Meta-Analysis of Perioperative Beta-Blockers Doesn’t Support Routine Use
Clinical question: Are perioperative beta-blockers effective in preventing cardiac events in noncardiac surgery?
Background: The American College of Cardiology (ACC) and American Heart Association (AHA) guidelines for noncardiac surgery recommend beta-blockers for high-risk patients undergoing intermediate or high-risk surgery. The results of previous randomized controlled trials have been inconsistent.
Study design: Meta-analysis.
Setting: Literature search of PubMed, Embase, and the Cochrane Library.
Synopsis: Thirty-three randomized, controlled trials—which included 12,306 patients—were selected for statistical analysis. In these trials, beta-blockers were initiated in the perioperative period with 30-day followup for outcomes of interest. Overall, perioperative beta-blocker use was associated with a 35% risk reduction in nonfatal MI, a 116% increased risk of nonfatal stroke, and no significant difference in all-cause mortality. Trials with higher levels of bias showed greater statistical benefit of beta-blockers. Of note, the POISE trial carried the largest amount of weight, accounting for nearly two-thirds of the total number of patients included in treatment arms.
The application of this data is challenging, as studies differ in several important variables, such as timing of beta-blocker initiation, dosing regimen, and duration of treatment. The POISE trial, in particular, employed a very large dose of metoprolol, compared with doses of beta-blockers used in other studies. There is less data regarding the perioperative efficacy of beta-blockers when therapy is started well before surgery.
Bottom line: Current evidence does not support the routine use of beta-blockers started immediately prior to noncardiac surgery to prevent perioperative cardiac events.
Citation: Bangalore S, Wetterslev J, Pranesh S, et al. Perioperative beta-blockers in patients having non-cardiac surgery: a meta-analysis. Lancet. 2008;372:1962-1976.
Perioperative Ischemic Stroke an Important Cause of Morbidity and Mortality in Noncardiac Surgery
Clinical question: What are the incidence, risk factors, and outcomes of acute ischemic stroke in nonvascular surgery?
Background: Ischemic stroke is a well-understood complication of cardiovascular surgery. However, little data exist in medical literature regarding the frequency, associations, and outcomes of perioperative ischemic stroke in noncardiac surgery.
Study design: Observational chart review using administrative data.
Setting: The Nationwide Inpatient Sample, a public-use database, in which approximately 1,000 hospitals submit data from nonfederal acute-care hospitals.
Synopsis: Three common surgeries were sampled from an administrative database to characterize the epidemiology of perioperative ischemic stroke in noncardiac surgery.
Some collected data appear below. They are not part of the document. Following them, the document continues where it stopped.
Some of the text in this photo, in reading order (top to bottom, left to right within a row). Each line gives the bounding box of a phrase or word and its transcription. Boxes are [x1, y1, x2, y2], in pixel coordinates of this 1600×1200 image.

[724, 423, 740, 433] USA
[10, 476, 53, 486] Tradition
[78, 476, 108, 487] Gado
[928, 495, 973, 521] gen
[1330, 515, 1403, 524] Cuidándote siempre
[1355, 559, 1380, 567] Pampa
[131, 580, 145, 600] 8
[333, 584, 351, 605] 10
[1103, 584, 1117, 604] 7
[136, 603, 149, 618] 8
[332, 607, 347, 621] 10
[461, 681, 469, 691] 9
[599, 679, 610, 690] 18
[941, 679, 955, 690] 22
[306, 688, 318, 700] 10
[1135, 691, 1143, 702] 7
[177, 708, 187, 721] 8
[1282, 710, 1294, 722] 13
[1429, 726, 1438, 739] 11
This outcome occurred in 0.7% of hemicolectomy patients; 0.2% of total hip replacement patients; and 0.6% of lobectomy/segmental lung resection patients. Studying the rate of perioperative ischemic stroke in coronary artery bypass graft (CABG) patients validated the authors’ method of data extraction. This rate was consistent with prior studies of this outcome in cardiovascular surgery patients.
Multivariate analysis showed that renal disease (odds ratio 3.0), atrial fibrillation (OR 2.0), prior stroke (OR 1.6), and valvular disease (OR 1.5) are statistically associated with an increased risk of perioperative ischemic stroke. The primary outcome was associated with a marked increase in the odds of in-hospital mortality or need for chronic care upon hospital discharge.
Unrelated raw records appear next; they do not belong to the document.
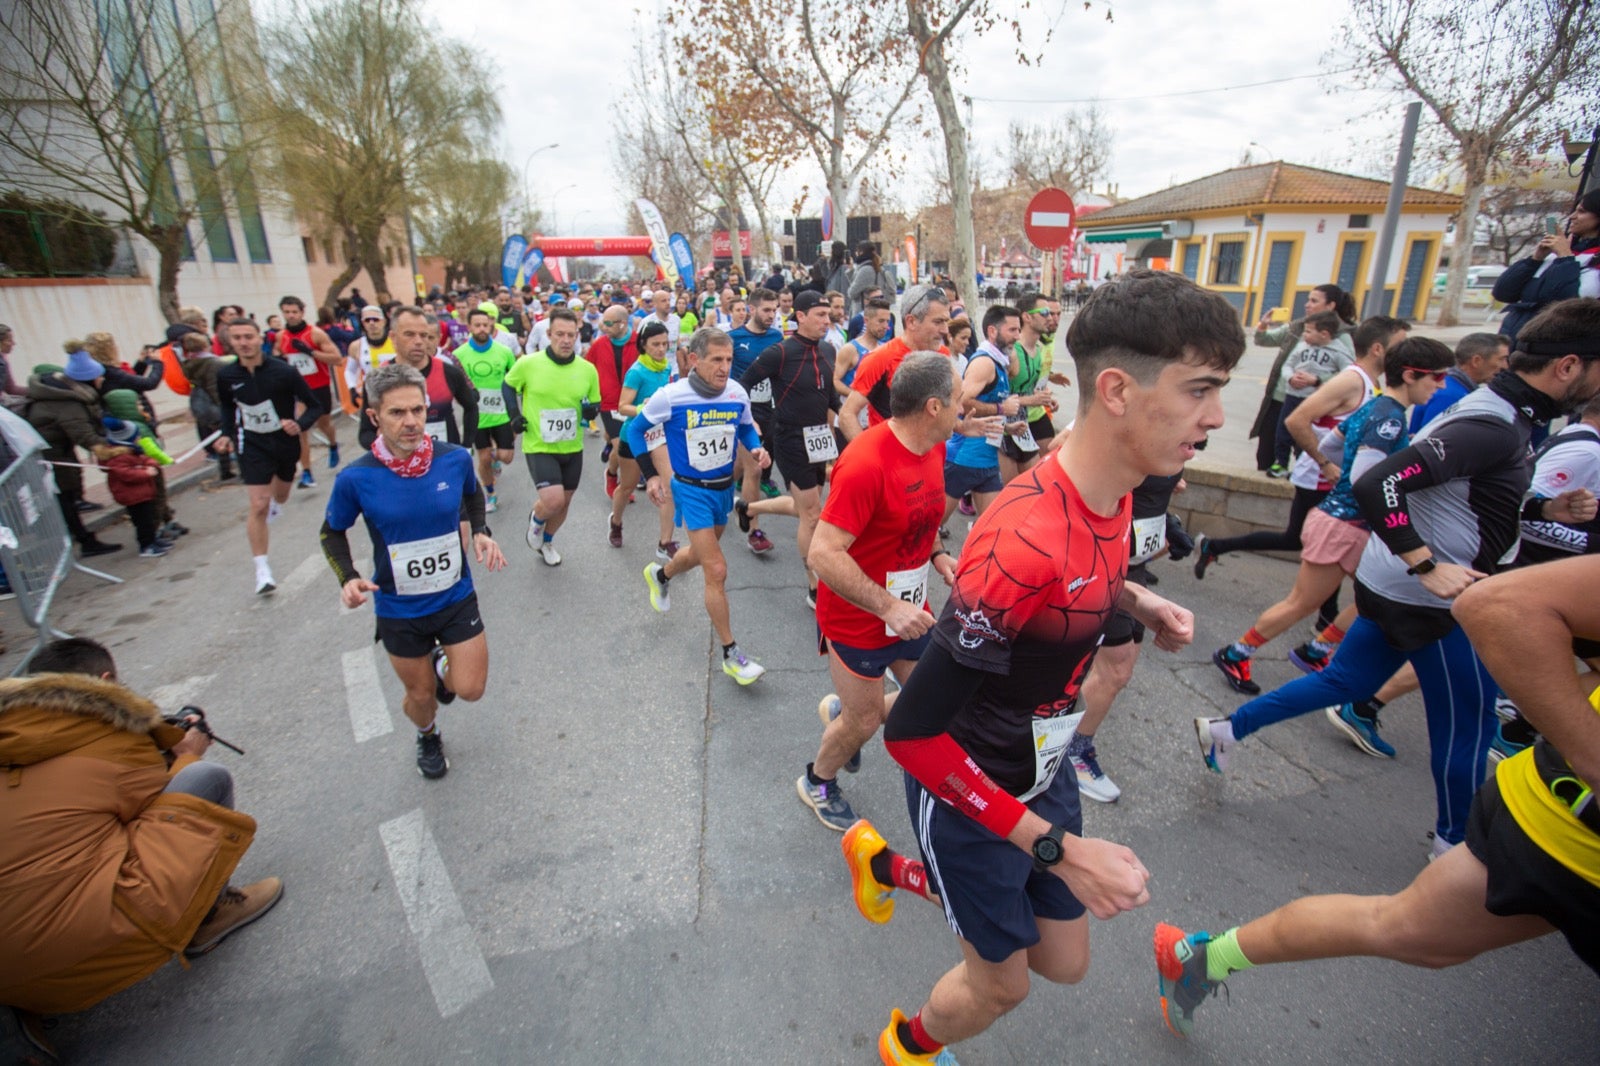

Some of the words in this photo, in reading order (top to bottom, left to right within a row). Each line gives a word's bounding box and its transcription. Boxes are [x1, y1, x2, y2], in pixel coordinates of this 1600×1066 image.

[1300, 349, 1330, 365] GAP
[482, 396, 501, 406] 662
[702, 409, 738, 421] olimpo
[547, 419, 572, 431] 790
[644, 429, 666, 442] 203
[698, 437, 728, 457] 314
[807, 435, 833, 452] 3097
[407, 551, 451, 579] 695
This study is limited by its use of administrative coding data, as well as potential bias introduced by the use of only three major types of surgery.
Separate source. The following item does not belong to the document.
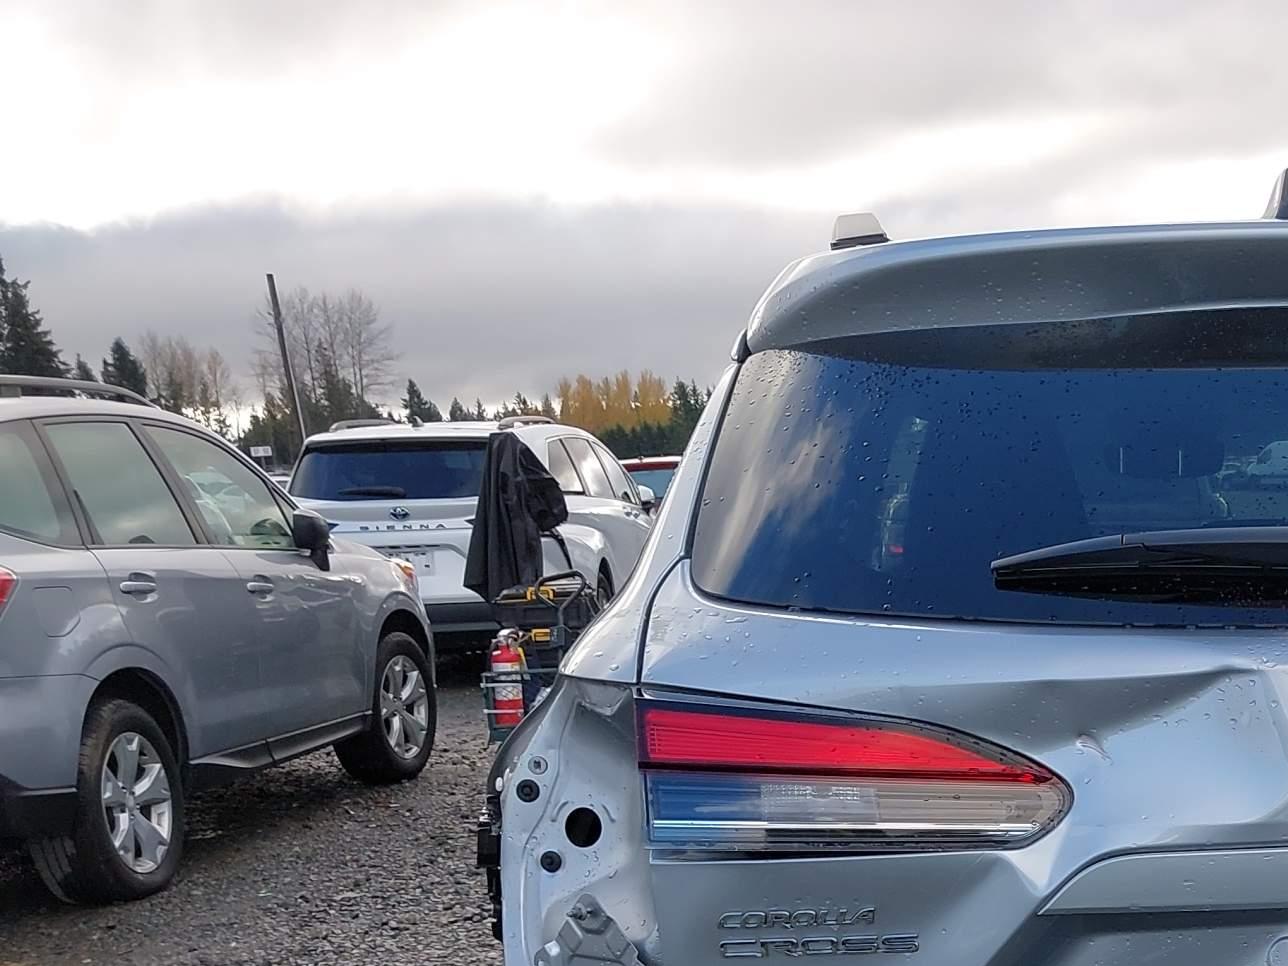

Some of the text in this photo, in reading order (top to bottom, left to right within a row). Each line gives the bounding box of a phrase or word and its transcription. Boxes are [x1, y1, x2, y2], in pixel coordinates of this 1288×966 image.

[359, 523, 447, 531] SIENNA
[718, 907, 876, 929] COROLLA
[719, 934, 920, 958] CROSS
Bottom line: Ischemic stroke is a serious complication of intermediate and major noncardiovascular surgery. It is associated with poor patient outcomes; more evidence is needed to confirm associations with this outcome and to discover strategies to reduce risk.
Citation: Bateman B, Schum-acher H, Wang S, et al. Perioperative acute ischemic stroke in non-cardiac and nonvascular surgery. Anesthesiology. 2009;110:231-238.